According to The Washington Post, concerns are rising about the amount of mortgage loans being backed by Fannie Mae and Freddie Mac and the inherent risk factors. The two organizations now guarantee almost $7 trillion in mortgage-related debt, 33% more than before the housing crisis. Publicly owned but backed up by U.S. taxpayers, the two organizations now account for more government-backed housing debt than at any other point in U.S. history, according to data from the Urban Institute.
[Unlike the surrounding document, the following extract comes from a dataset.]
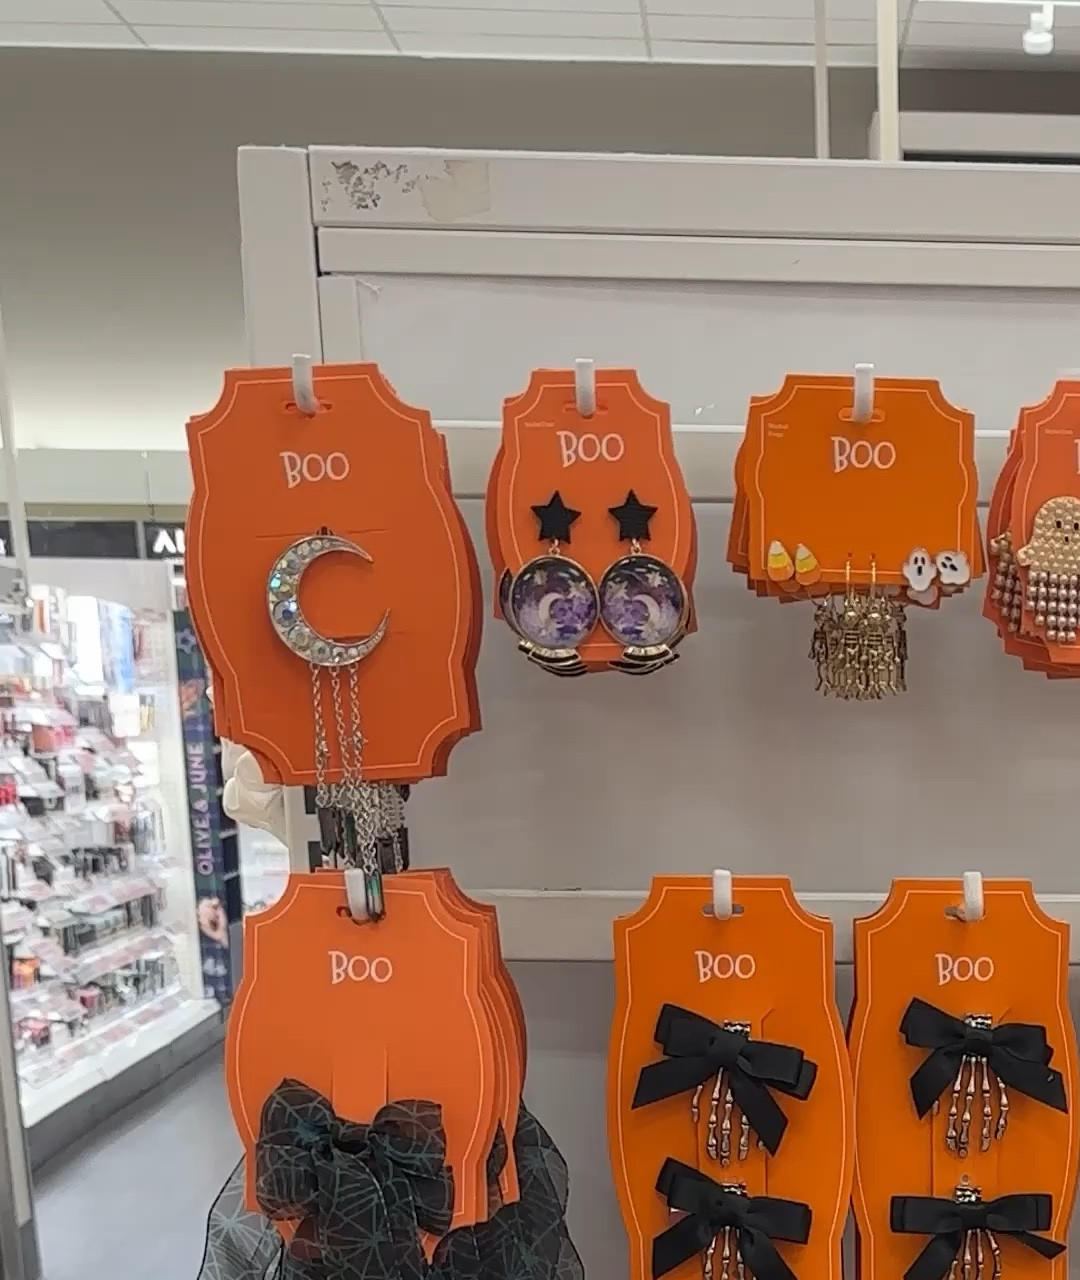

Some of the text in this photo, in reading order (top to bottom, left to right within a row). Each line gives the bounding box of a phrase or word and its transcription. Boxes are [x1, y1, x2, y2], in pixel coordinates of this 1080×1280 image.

Taxpayers are shouldering much of the risk, while a growing number of homeowners face debt payments that amount to nearly half of their monthly income, a threshold many experts consider too steep. Roughly 30 percent of the loans Fannie Mae guaranteed last year exceeded this level, up from 14 percent in 2016, according to Urban Institute data. At the FHA, 57 percent of the loans it insured breached the high-risk echelon, jumping from 38 percent two years earlier.
This article is based on interviews with 24 senior administration officials, regulators, former regulators, bankers and analysts, many of whom warned that risks to taxpayers have built up in the mortgage sector with very little scrutiny.
The binge in high-risk lending has some executives and regulators on edge and could grow problematic if the economy continues to weaken or enters a recession, as more economists are predicting could happen within a year. Two Freddie Mac officials told a government inspector general earlier this year that certain loans they had been pushed to buy carried a higher risk of default, and problems could multiply when the economy slows.